Автор (1878 -1942) - яркий представитель эмигрантской литературы, с 1922 не по своей воле оказавшийся в числе первой группы высланных из молодого Советского государства писателей и представителей творческой интеллигенции. Писательский талант его расцвел в крупных прозаических произведениях - романах Свидетель истории, Сивцев Вражек, книге эссе Времена, - посвященным переломным в жизни России и ее народов моментам истории: революциям 1905 и 1917 гг., гражданской войне и.т.д. До конца дней автор оставался патриотом своей страны и никогда не причислял себя к стану ее врагов.

Детство

При иных закатах солнце, опускаясь, красит прощальным светом облака на западе, и этот свет бежит до крайних границ востока, а там на одну минуту распускается роза. Это — наше воспоминание о детских годах, и нужно им дорожить, оно мимолетно. Оно дается в утешение уже не имеющим будущего.
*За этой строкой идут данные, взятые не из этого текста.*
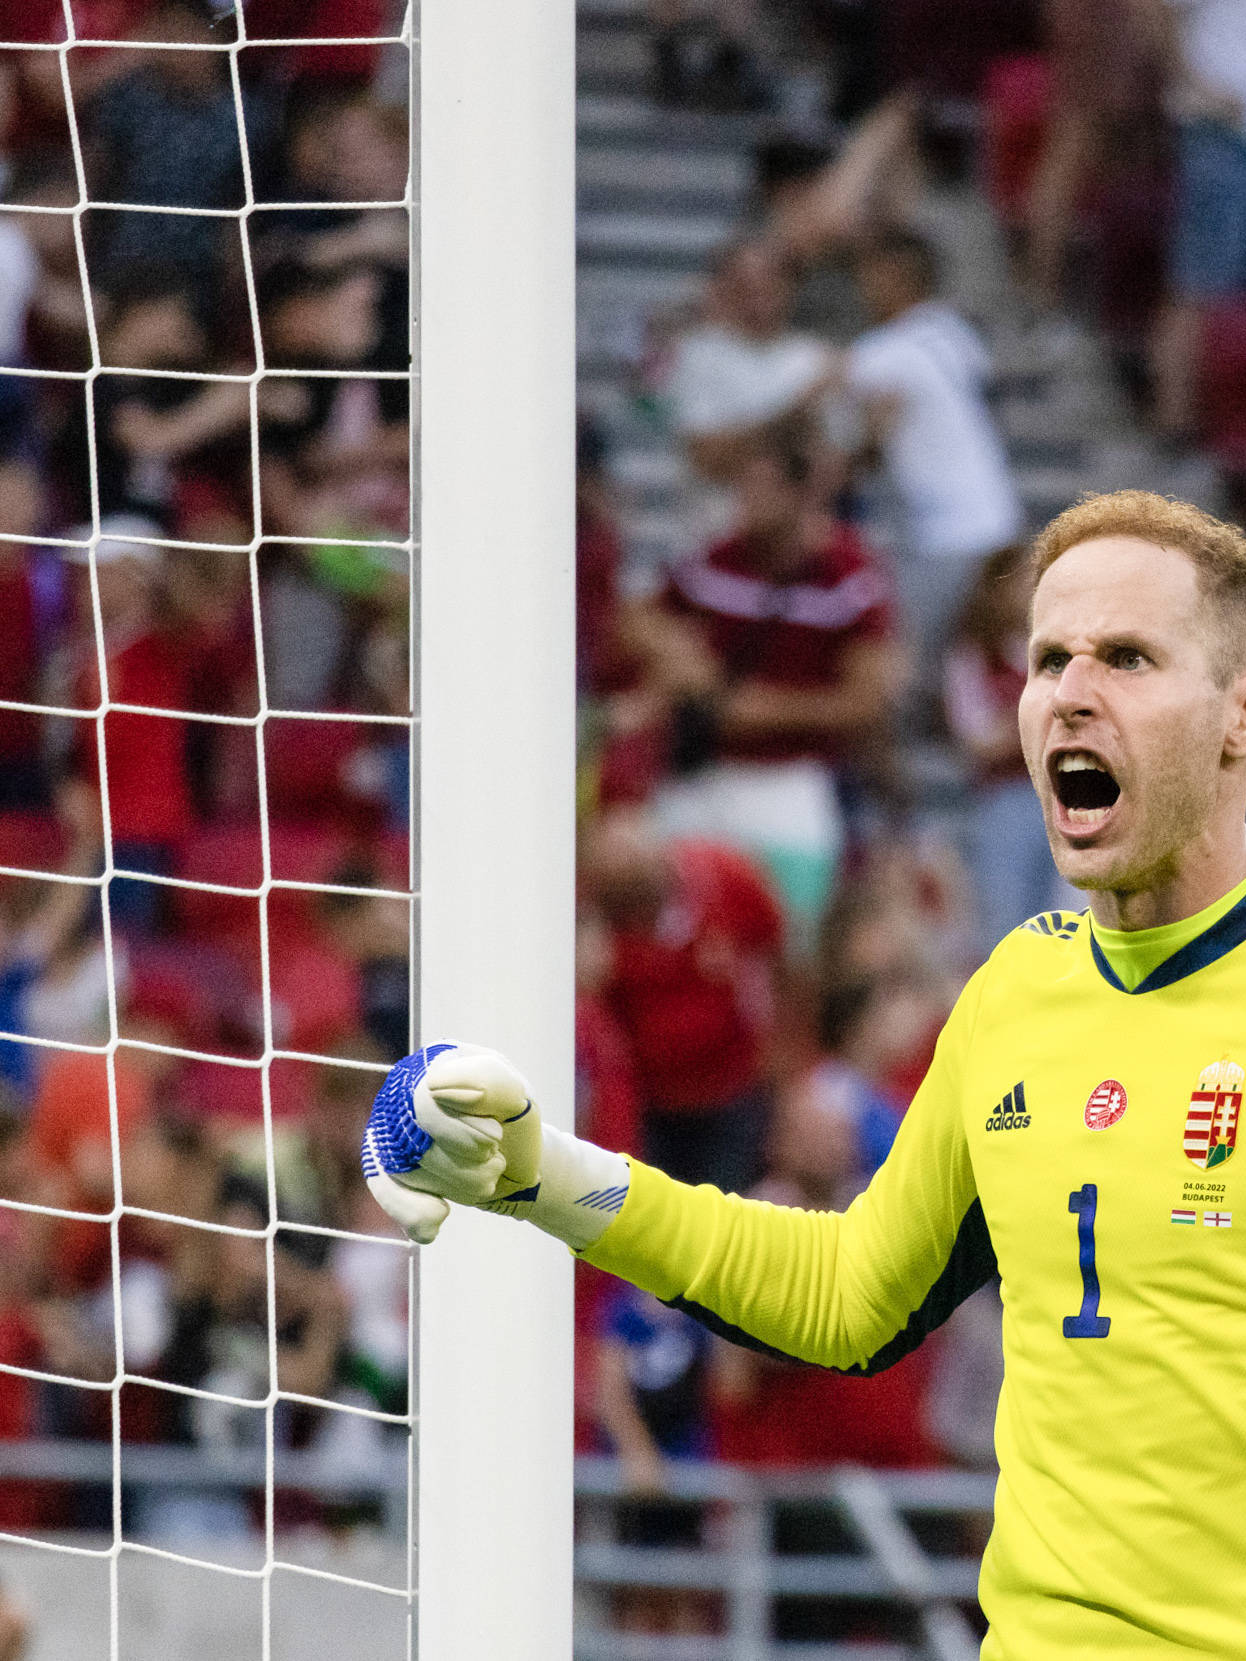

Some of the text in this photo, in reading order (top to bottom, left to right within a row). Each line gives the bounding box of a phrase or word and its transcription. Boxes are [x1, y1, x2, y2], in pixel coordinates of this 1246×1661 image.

Далекое прошлое всегда — сказочная страна. Может быть, я родился в жалком городишке, о котором нечего рассказать, но я беру не палитру и кисти, а набор цветных детских карандашей и приступаю к работе. Я рисую приземистый дом в шесть окон с чердаком и с двух сторон протягиваю в линию заборы, за которыми непременно должны быть деревья, может быть липы и тополя, но во всяком случае черемуха, дерево самого раннего цветения. Мне ее не изобразить черточками, потому что тут все дело в горьком аромате, только недавно стаял снег, дворник сметал его с крыши, а ледяные сосульки откололись и упали сами, вкусные конфеты, от которых зябнут и румянятся пальцы в варежках, а на губах остается шерстяной вкус. Для начала — для весенних дней — никаких, ни ярких, ни мешаных, красок не нужно, и на севере мы начинаем с белого и черного: черное пробивается сквозь белое талыми островками, а золото солнца ненарисуемо и неописуемо, его сам представь и предположи. Этим начав, мы потом сразу переходим на музыку, слушаем капели и ручейки, и как вздыхают и кряхтят снега и льдинки, и как везде и нигде гомонят птицы, обычные наши вороны, галки и воробьи, и прилетные голоклювые любимцы Герасима Грачевника

[1]

, и красноперые голосистые щеглята, и скворцы, для которых на каждом дворе ставились домики на высоких шестах. Этот гомон слышно даже сквозь двойные оконные рамы, и вообще весна не дожидается, чтобы вышли на нее посмотреть, а врывается сама и в щелочку, где отпала замазка, и в печную трубу, и на чердак, и бегом по лестнице в намокших валенках. Ей ждать некогда, потому что уж очень много предстоящих дел. Мать говорит: поди погуляй, да надень калоши, валенки промокнут, и по лужам не бегай, — и я, конечно, по лужам не бегаю, а топчусь в ручейках, пока в ногах не захлюпает холодная вода. На другое утро черное побеждает нестойкую белизну, а на улице перед домом оттаивает и вскрывается весь навоз, накопившийся за зиму, и тогда впервые появляются путаные цвета, из которых потом мы будем выделять красное к красному, зеленое к зеленому, все на свои места; конечно, и белое оставим — и вот расцветает черемуха.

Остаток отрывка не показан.